++++ DATA

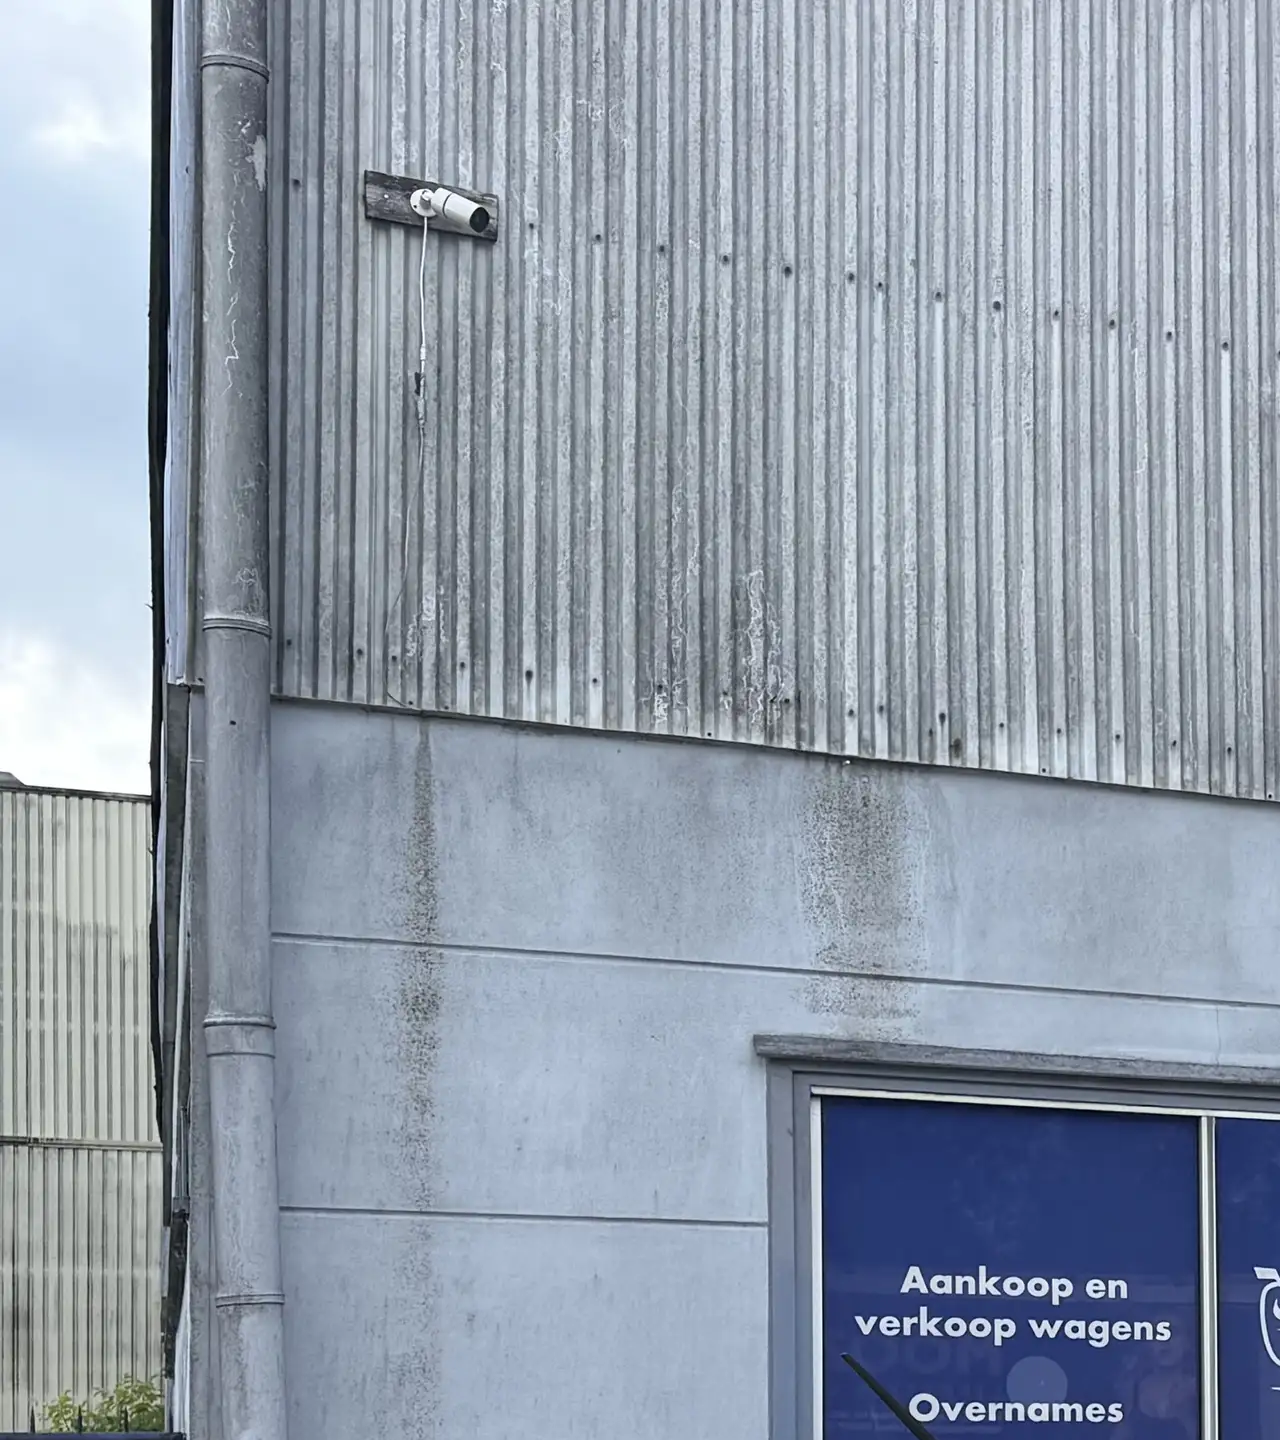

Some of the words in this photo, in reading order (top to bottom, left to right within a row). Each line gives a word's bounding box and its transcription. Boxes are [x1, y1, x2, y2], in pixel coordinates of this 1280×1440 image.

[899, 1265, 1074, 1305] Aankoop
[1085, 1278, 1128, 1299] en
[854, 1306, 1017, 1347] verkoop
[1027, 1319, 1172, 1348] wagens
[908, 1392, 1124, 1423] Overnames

++++++++

YOUR ASSIGNMENT: Without any pictures, return the entries exactly as given.

TASK RESPONSE:
Some of the words in this photo, in reading order (top to bottom, left to right within a row). Each line gives a word's bounding box and its transcription. Boxes are [x1, y1, x2, y2], in pixel coordinates of this 1280×1440 image.

[899, 1265, 1074, 1305] Aankoop
[1085, 1278, 1128, 1299] en
[854, 1306, 1017, 1347] verkoop
[1027, 1319, 1172, 1348] wagens
[908, 1392, 1124, 1423] Overnames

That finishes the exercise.